About this task: Your output must consist of the records printed verbatim, with the pictures excluded.

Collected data
---*---
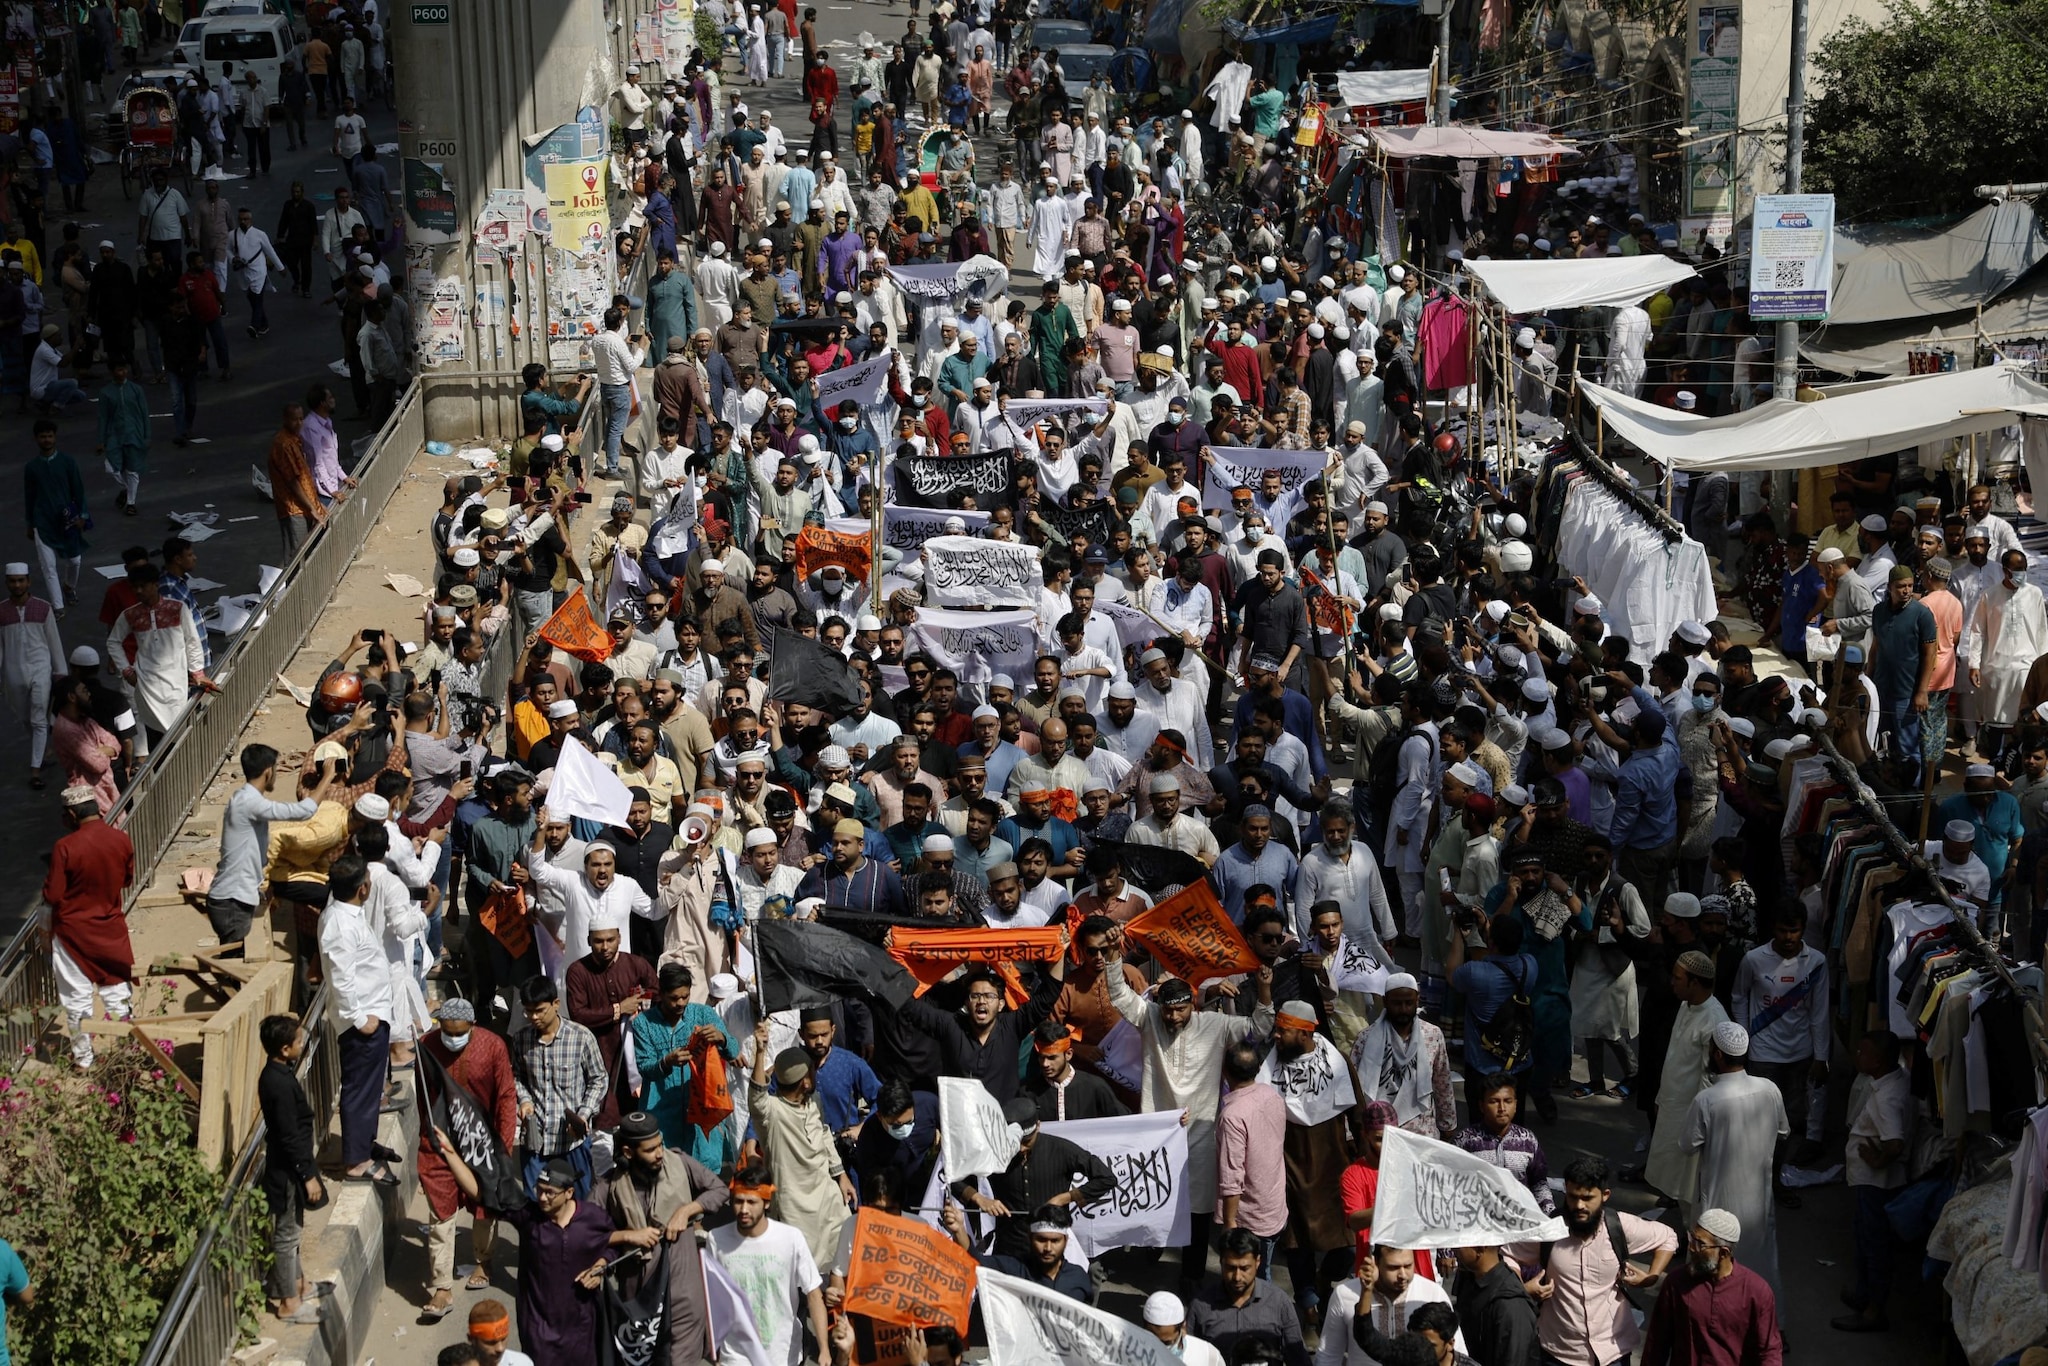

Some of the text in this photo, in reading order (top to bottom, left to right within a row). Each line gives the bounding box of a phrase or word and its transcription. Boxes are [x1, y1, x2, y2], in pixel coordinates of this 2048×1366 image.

[414, 8, 448, 20] P600
[419, 142, 456, 157] P600
[806, 529, 827, 541] 101
[1169, 915, 1191, 940] ONE
[1201, 907, 1240, 960] TO BUILD A
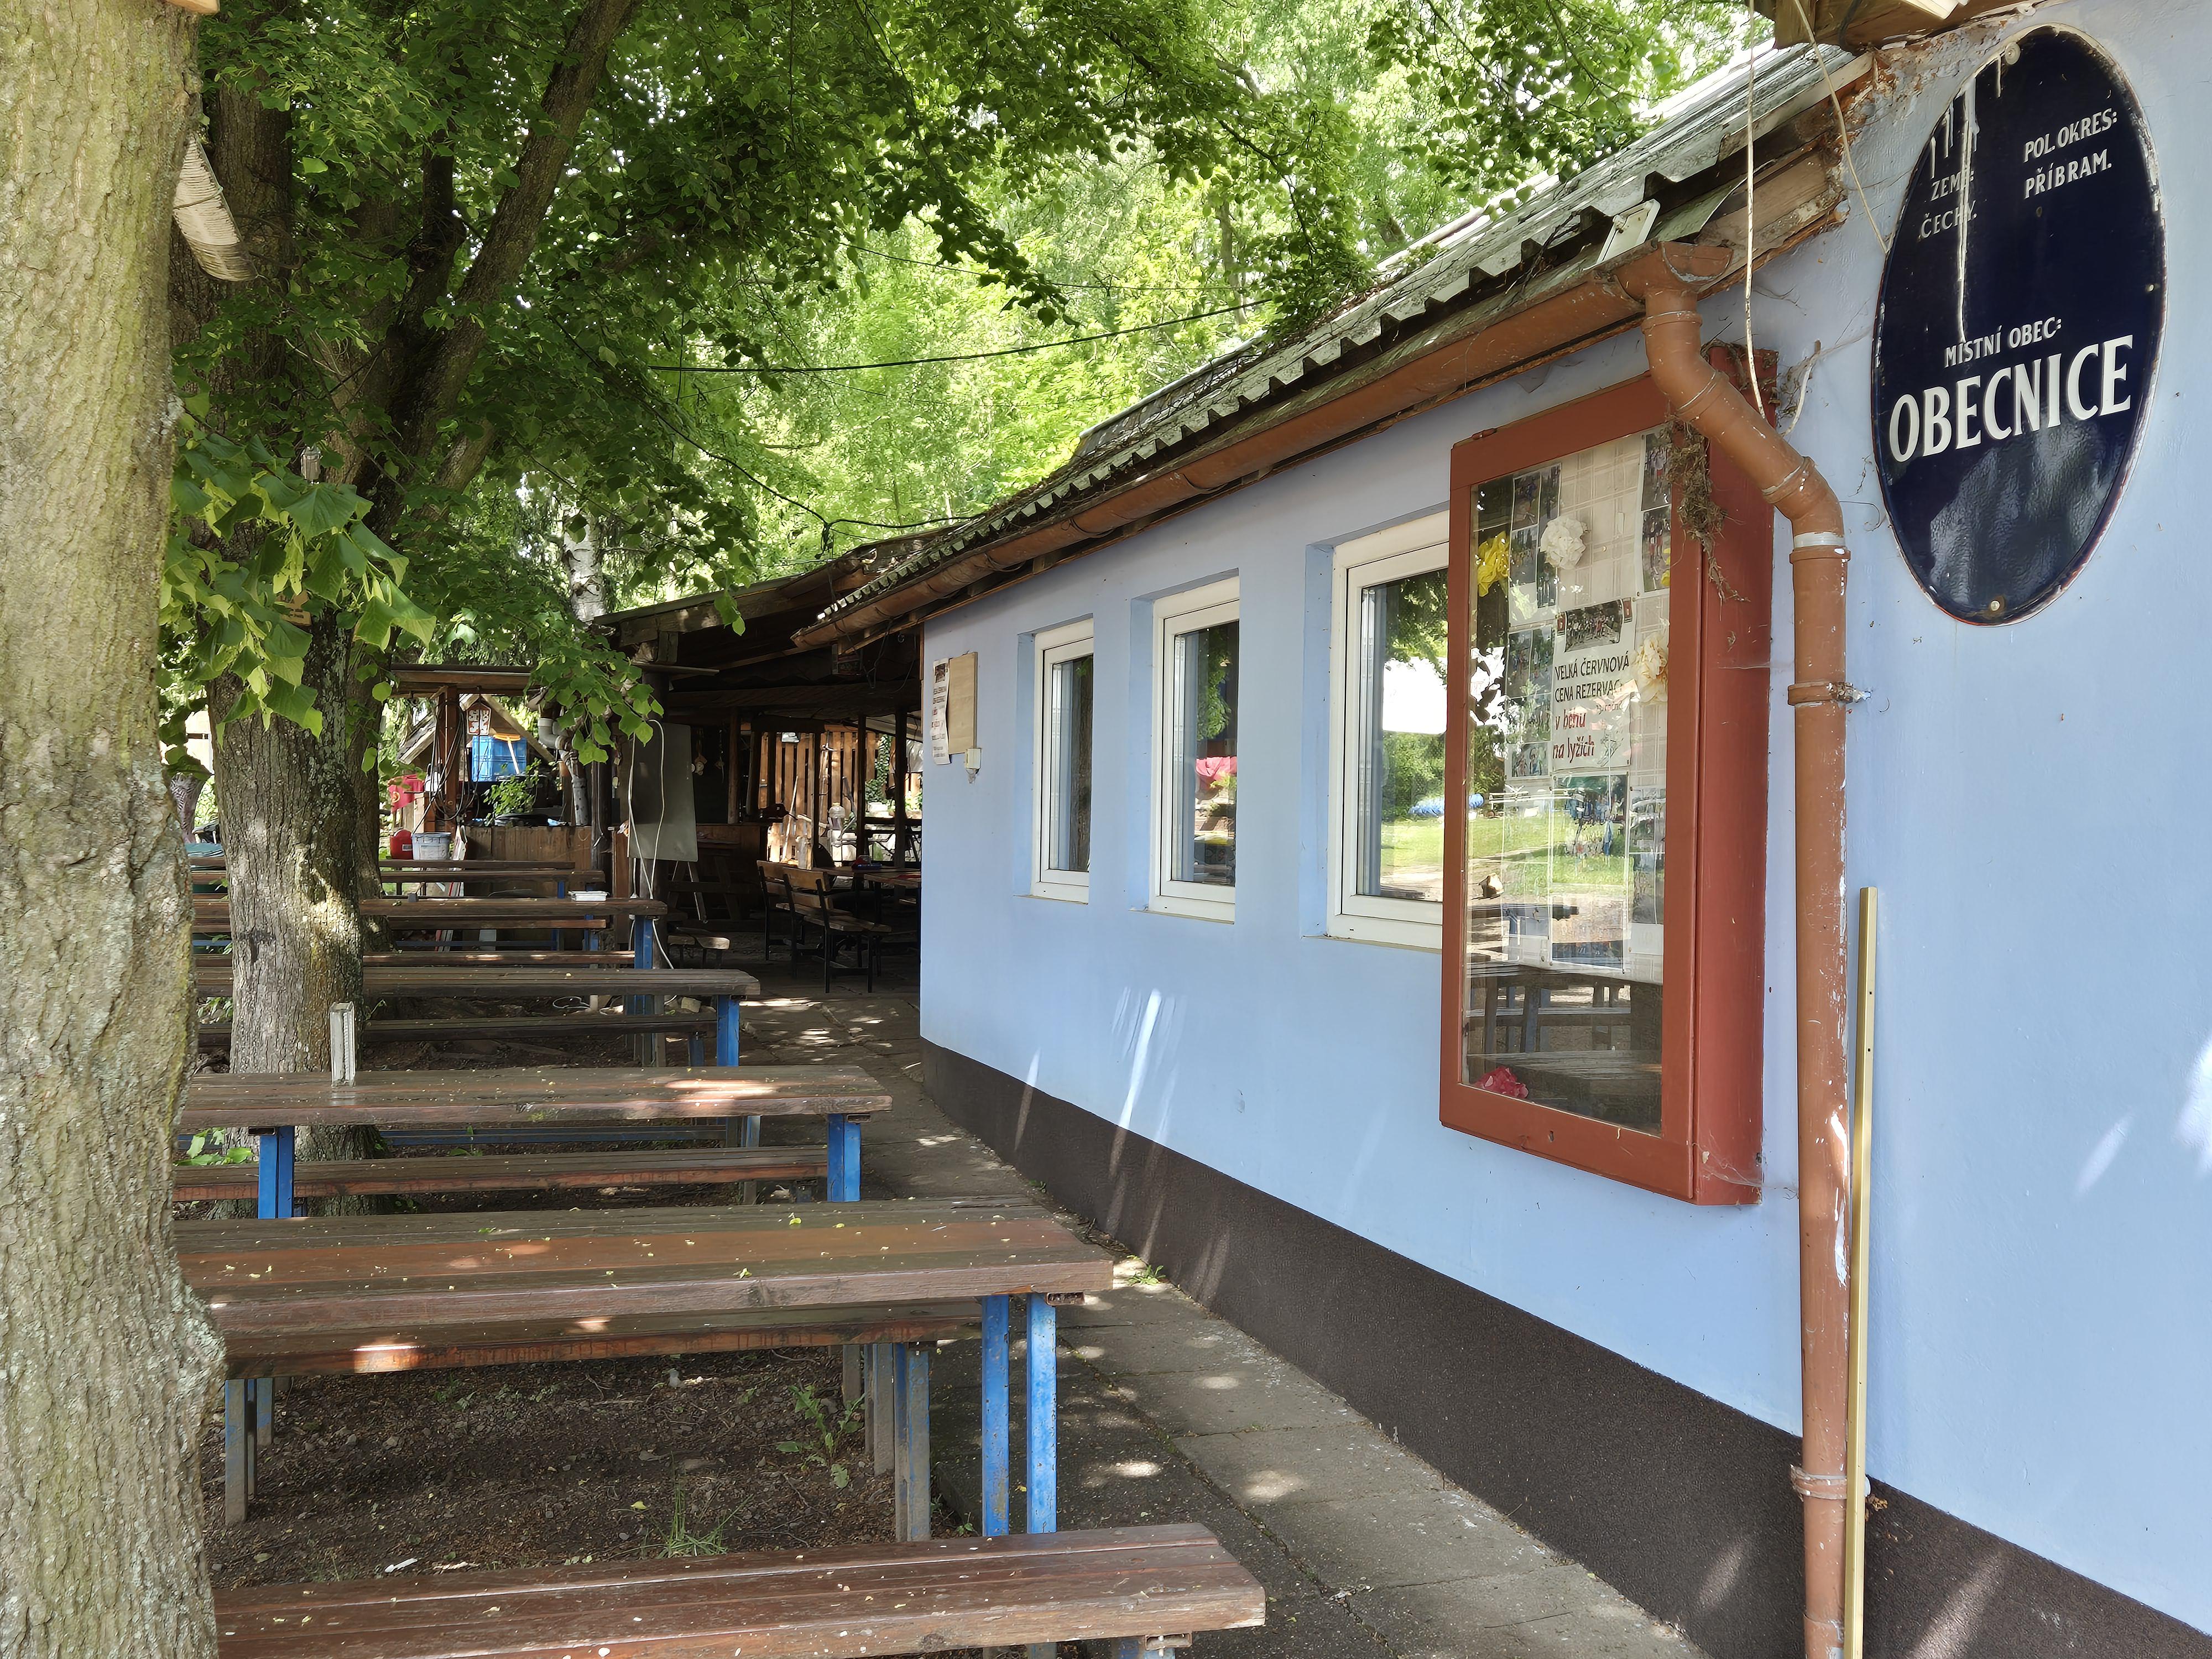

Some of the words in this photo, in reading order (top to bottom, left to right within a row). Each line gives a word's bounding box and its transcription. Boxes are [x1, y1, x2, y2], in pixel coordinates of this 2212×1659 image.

[2057, 108, 2117, 148] OKRES:
[1931, 169, 1974, 201] ZEM:
[2024, 149, 2112, 199] PŘÍBRAM.
[2008, 317, 2062, 348] OBEC:
[1889, 335, 2133, 462] OBECNICE
[1554, 659, 1578, 680] VELKÁ
[1580, 650, 1629, 676] ČERVNOVÁ
[1554, 687, 1574, 703] CENA
[1555, 715, 1560, 730] v
[1553, 744, 1564, 759] na
[1567, 735, 1595, 763] lyžích
---*---
Solution to this task:
Some of the text in this photo, in reading order (top to bottom, left to right within a row). Each line gives the bounding box of a phrase or word and its transcription. Boxes are [x1, y1, x2, y2], in pixel coordinates of this 2048×1366 image.

[414, 8, 448, 20] P600
[419, 142, 456, 157] P600
[806, 529, 827, 541] 101
[1169, 915, 1191, 940] ONE
[1201, 907, 1240, 960] TO BUILD A

Some of the words in this photo, in reading order (top to bottom, left to right within a row). Each line gives a word's bounding box and its transcription. Boxes are [x1, y1, x2, y2], in pixel coordinates of this 2212×1659 image.

[2057, 108, 2117, 148] OKRES:
[1931, 169, 1974, 201] ZEM:
[2024, 149, 2112, 199] PŘÍBRAM.
[2008, 317, 2062, 348] OBEC:
[1889, 335, 2133, 462] OBECNICE
[1554, 659, 1578, 680] VELKÁ
[1580, 650, 1629, 676] ČERVNOVÁ
[1554, 687, 1574, 703] CENA
[1555, 715, 1560, 730] v
[1553, 744, 1564, 759] na
[1567, 735, 1595, 763] lyžích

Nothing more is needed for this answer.